Mr Johnson produced a smoke-cloud and Paul coughed, choking on the sweet he was sucking. He watched the man take a drink from a bottle, then place it on the table, next to the cold lifeless Pumpkinhead. He then noticed that the carved face had changed from a smile to a weird frown -- but how could that be so?
Mr Johnson then took the television remote and increased the volume, and Paul wondered whether he was hard of hearing, for it had become incessantly loud. The fellow then turned to him with an insatiable grin and wild wicked eyes.
"I've given you your treat," he breathed closely into Paul's ear, "now it's your turn to give me mine."
Paul's tiny heart beat more quickly as he watched Mr Johnson begin to pull down his zipper.


His pillow wet with tears, Paul had been unable to sleep since retiring to bed. His parents had shown natural concern, for their child had returned home from his Halloween excursion in a rather subdued and quiet state as opposed to his normal exuberant self.
They dismissed it after a while, thinking that perhaps it was because he had been unsuccessful in his trick-or-treating.
In the darkness he lay on his side with an aching body, reluctantly recalling the horrific events which had occurred in Mr Johnson's lounge, the nicotine-stained hands on his boyish skin, the oppressive beer-breath on his neck, the monstrous thrusting movement which appeared to continue for ages and ages, much to his terrible dismay. The awful memory caused him to weep once more -- he was destined not to enjoy an iota of sleep that night.
He reached over and switched on the bedside lamp, observing the time displayed on the digital clock close by -- 11.57. In sombre silence he crept from the bedroom and across the landing, ending up in the bathroom where he helped himself to a glass of water in order to wet his parched throat. As he drank it reminded him of the lemonade -- and the horror, and the awful pain.
He returned swiftly to his room and clambered beneath the sheets, and just before he turned off the light he noticed the pumpkin -- Pumpkinhead -- which seemed to be staring at him in an inquisitive manner. The object stood, minus the light of the candle, on the dressing table opposite the bed, and at that precise moment it appeared to bear a certain attraction, with Paul unable to take his eyes off it. Then he did so, just for a second, to see the digital clock change to 12.00. And then something remarkably strange happened.

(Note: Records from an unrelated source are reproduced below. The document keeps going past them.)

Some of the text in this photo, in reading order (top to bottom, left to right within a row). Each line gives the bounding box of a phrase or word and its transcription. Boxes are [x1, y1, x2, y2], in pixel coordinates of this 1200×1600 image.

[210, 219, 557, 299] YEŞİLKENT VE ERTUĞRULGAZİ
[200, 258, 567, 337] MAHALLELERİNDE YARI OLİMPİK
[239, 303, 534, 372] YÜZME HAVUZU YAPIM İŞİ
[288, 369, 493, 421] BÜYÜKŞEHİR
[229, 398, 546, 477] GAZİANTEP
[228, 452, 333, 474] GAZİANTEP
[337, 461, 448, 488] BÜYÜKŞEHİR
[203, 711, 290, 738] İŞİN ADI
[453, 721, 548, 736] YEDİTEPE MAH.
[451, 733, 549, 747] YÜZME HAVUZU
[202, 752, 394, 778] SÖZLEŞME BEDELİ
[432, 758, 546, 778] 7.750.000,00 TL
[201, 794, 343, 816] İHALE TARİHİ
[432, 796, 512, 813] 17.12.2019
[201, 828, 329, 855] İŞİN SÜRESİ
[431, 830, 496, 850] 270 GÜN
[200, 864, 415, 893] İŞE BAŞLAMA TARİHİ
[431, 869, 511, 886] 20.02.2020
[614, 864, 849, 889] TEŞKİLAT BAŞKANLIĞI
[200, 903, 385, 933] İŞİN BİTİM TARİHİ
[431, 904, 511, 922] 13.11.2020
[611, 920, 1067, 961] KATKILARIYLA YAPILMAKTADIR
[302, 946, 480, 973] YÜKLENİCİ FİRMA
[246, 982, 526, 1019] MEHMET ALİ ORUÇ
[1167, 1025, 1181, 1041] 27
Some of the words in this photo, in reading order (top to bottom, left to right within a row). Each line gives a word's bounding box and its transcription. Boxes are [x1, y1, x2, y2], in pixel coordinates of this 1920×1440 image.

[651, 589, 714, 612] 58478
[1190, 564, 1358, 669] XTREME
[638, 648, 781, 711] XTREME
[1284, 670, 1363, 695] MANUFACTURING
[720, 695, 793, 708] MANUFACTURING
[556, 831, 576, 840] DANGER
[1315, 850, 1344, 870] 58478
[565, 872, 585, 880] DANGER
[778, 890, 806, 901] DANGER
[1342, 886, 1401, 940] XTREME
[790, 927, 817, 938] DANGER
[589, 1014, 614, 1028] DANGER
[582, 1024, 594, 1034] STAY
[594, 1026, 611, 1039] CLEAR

Pumpkinhead began to glow, apparently of its own accord, a dim light at first which gradually increased to an astounding brightness, and Paul was hardly able to look, as it was blinding him, it was like staring into the sun. Then the glow ceased abruptly, leaving the pumpkin in darkness once more. He could not comprehend the eerie sight that then faced him, as he looked again at the creation he had christened Pumpkinhead -- for instead of the innocent fruit with the improvised face there stood upon that dressing table a real head -- that of Mr Johnson, surrounded by an increasing bloodstain, and with those wicked eyes cold and frightened.
Paul then nonchalantly turned off the light and snuggled beneath the warm covers, with a sinister smile upon his face.